═════ Data section ═════

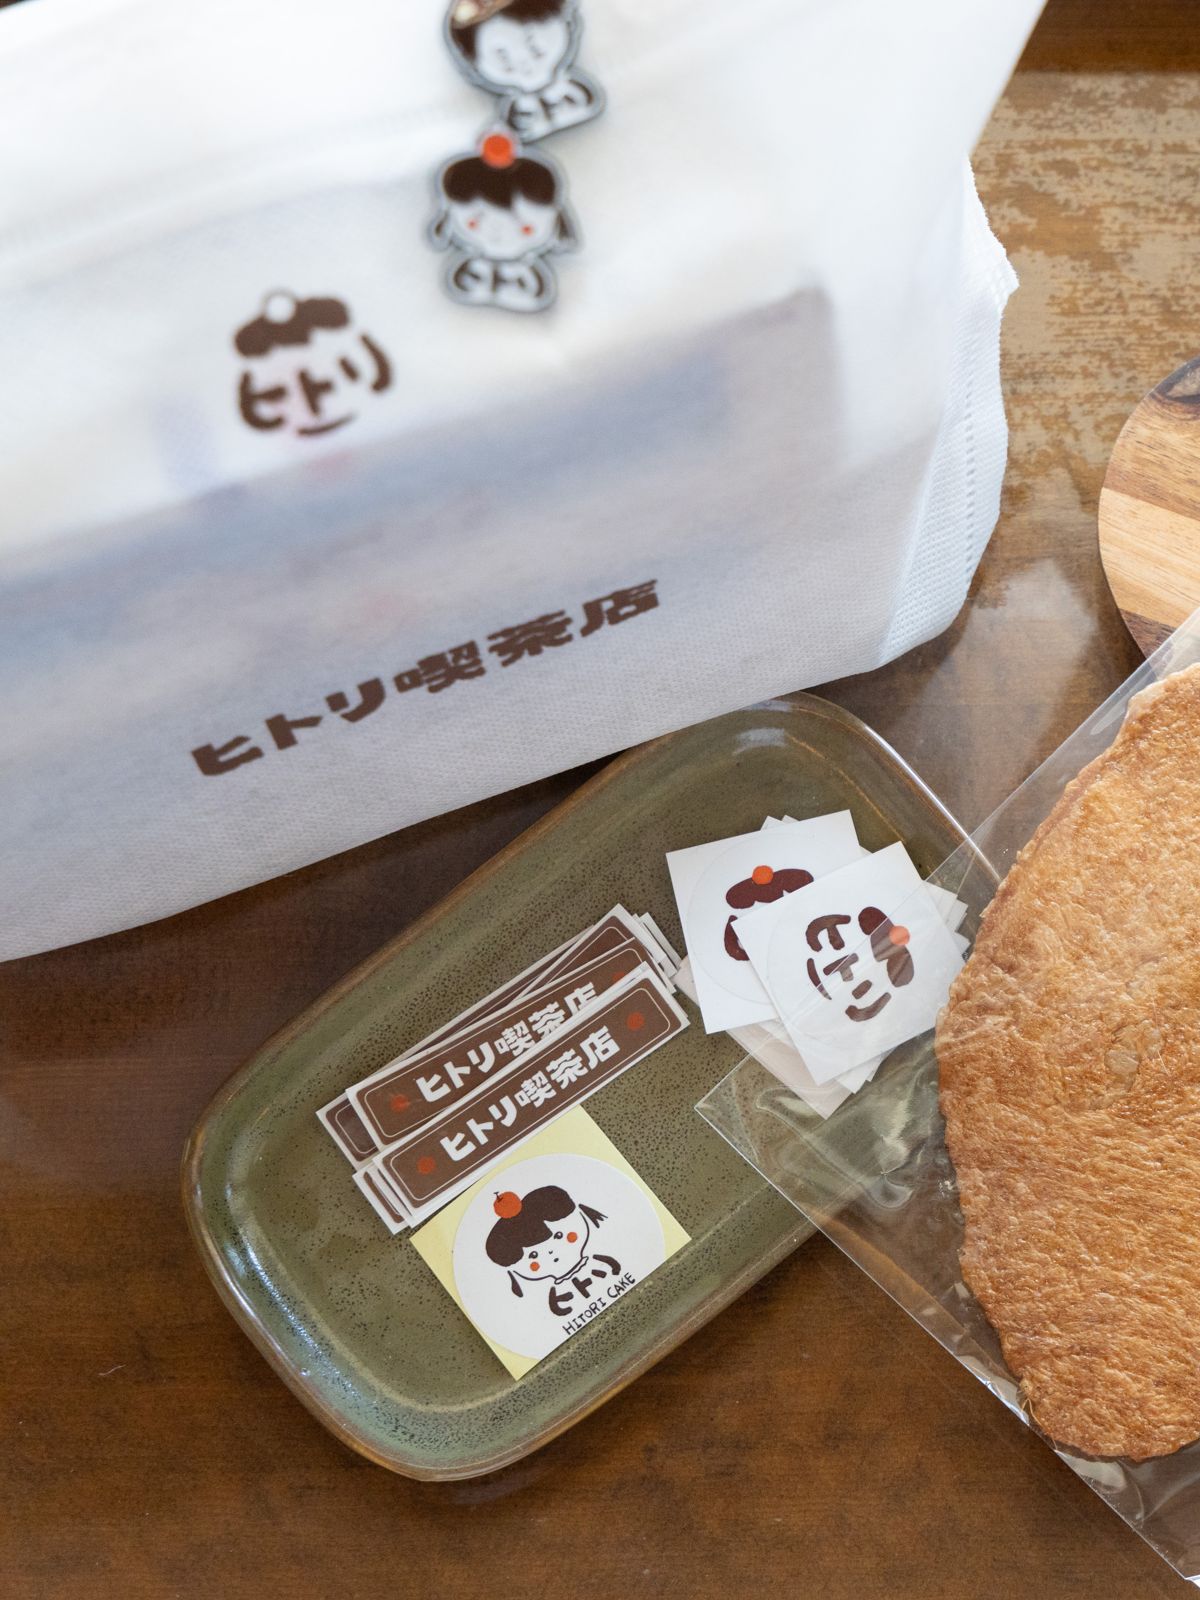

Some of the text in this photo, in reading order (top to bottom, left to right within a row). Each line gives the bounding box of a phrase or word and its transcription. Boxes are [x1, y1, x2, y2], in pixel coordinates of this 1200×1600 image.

[237, 333, 395, 432] ヒトリ
[191, 579, 661, 777] ヒトリ喫茶店
[439, 1026, 620, 1162] ヒトリ喫茶店
[548, 1254, 622, 1317] ヒトリ
[562, 1272, 636, 1335] HITORI CAKE
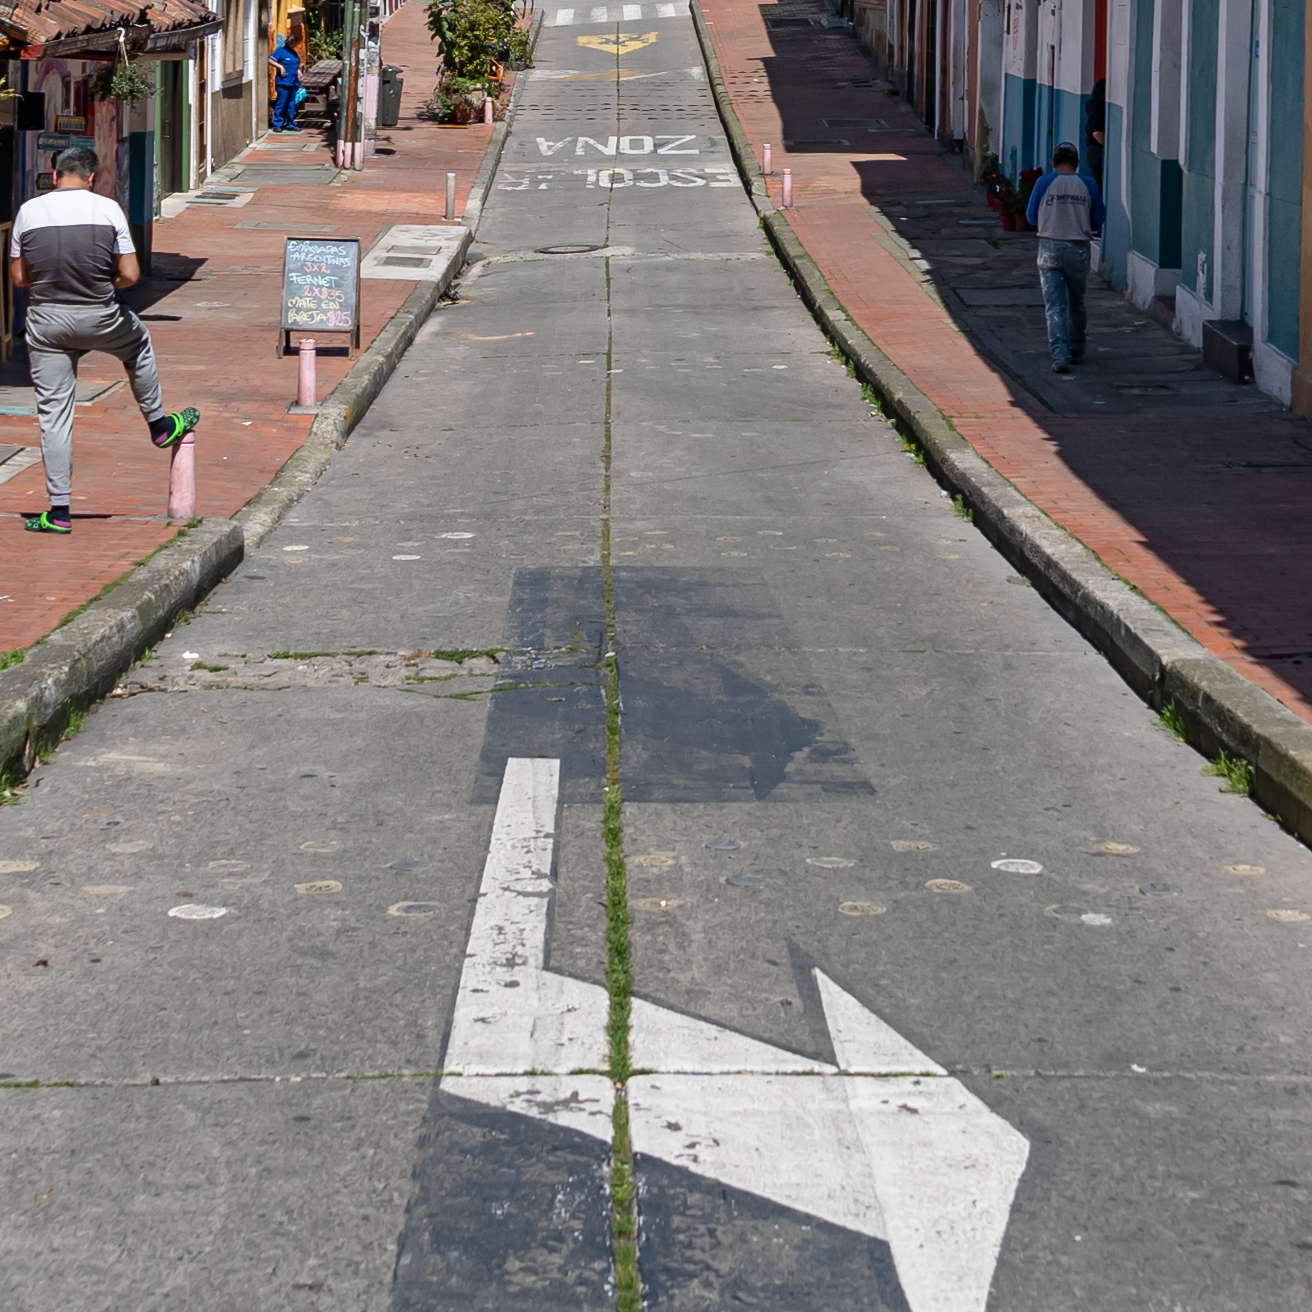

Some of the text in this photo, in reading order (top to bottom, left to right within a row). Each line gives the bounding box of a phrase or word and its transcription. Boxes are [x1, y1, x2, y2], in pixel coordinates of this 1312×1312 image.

[536, 135, 700, 157] ZONA
[288, 273, 339, 287] FERNET
[288, 296, 340, 310] MATE EN
[288, 308, 352, 327] PAREJA $25
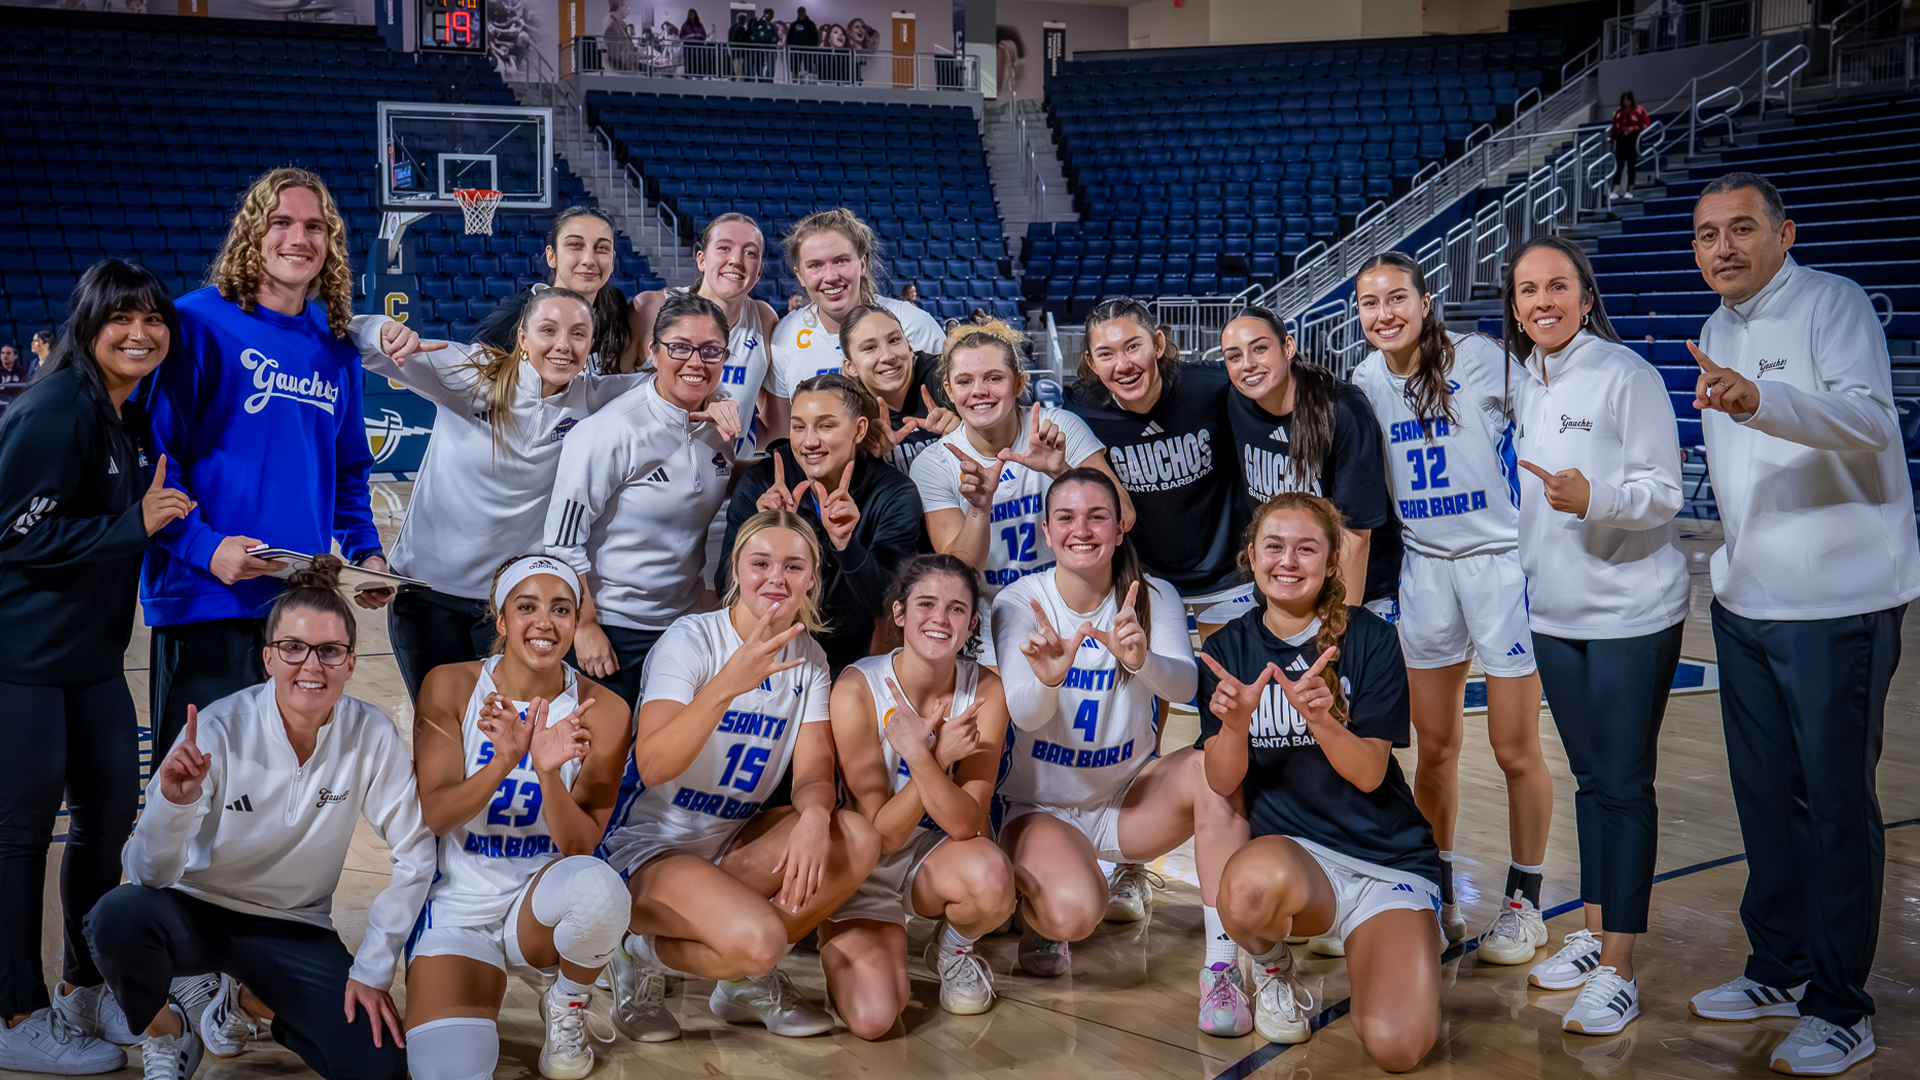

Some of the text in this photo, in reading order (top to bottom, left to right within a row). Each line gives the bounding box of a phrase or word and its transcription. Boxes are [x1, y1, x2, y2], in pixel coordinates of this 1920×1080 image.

[445, 10, 471, 44] 19
[240, 348, 339, 415] Gauchos
[1756, 358, 1788, 379] Gauchos
[1559, 414, 1594, 434] Gauchos
[1110, 428, 1213, 486] GAUCHOS
[1406, 445, 1451, 491] 32
[1121, 465, 1214, 493] SANTA BARBARA
[1397, 489, 1489, 519] BARBARA
[1001, 522, 1038, 562] 12
[528, 563, 559, 571] adidas
[716, 709, 789, 742] SANTA
[1073, 698, 1100, 743] 4
[1031, 738, 1136, 769] BARBARA
[1251, 737, 1290, 749] SANTA
[718, 743, 773, 794] 15
[487, 778, 543, 828] 23

═════

Problem requirements:
Write out every entry above exactly, minus the pictures.

Completed task:
Some of the text in this photo, in reading order (top to bottom, left to right within a row). Each line gives the bounding box of a phrase or word and its transcription. Boxes are [x1, y1, x2, y2], in pixel coordinates of this 1200×1600 image.

[237, 333, 395, 432] ヒトリ
[191, 579, 661, 777] ヒトリ喫茶店
[439, 1026, 620, 1162] ヒトリ喫茶店
[548, 1254, 622, 1317] ヒトリ
[562, 1272, 636, 1335] HITORI CAKE

Some of the text in this photo, in reading order (top to bottom, left to right within a row). Each line gives the bounding box of a phrase or word and its transcription. Boxes are [x1, y1, x2, y2], in pixel coordinates of this 1312×1312 image.

[536, 135, 700, 157] ZONA
[288, 273, 339, 287] FERNET
[288, 296, 340, 310] MATE EN
[288, 308, 352, 327] PAREJA $25

Some of the text in this photo, in reading order (top to bottom, left to right within a row). Each line gives the bounding box of a phrase or word and its transcription. Boxes are [x1, y1, x2, y2], in pixel coordinates of this 1920×1080 image.

[445, 10, 471, 44] 19
[240, 348, 339, 415] Gauchos
[1756, 358, 1788, 379] Gauchos
[1559, 414, 1594, 434] Gauchos
[1110, 428, 1213, 486] GAUCHOS
[1406, 445, 1451, 491] 32
[1121, 465, 1214, 493] SANTA BARBARA
[1397, 489, 1489, 519] BARBARA
[1001, 522, 1038, 562] 12
[528, 563, 559, 571] adidas
[716, 709, 789, 742] SANTA
[1073, 698, 1100, 743] 4
[1031, 738, 1136, 769] BARBARA
[1251, 737, 1290, 749] SANTA
[718, 743, 773, 794] 15
[487, 778, 543, 828] 23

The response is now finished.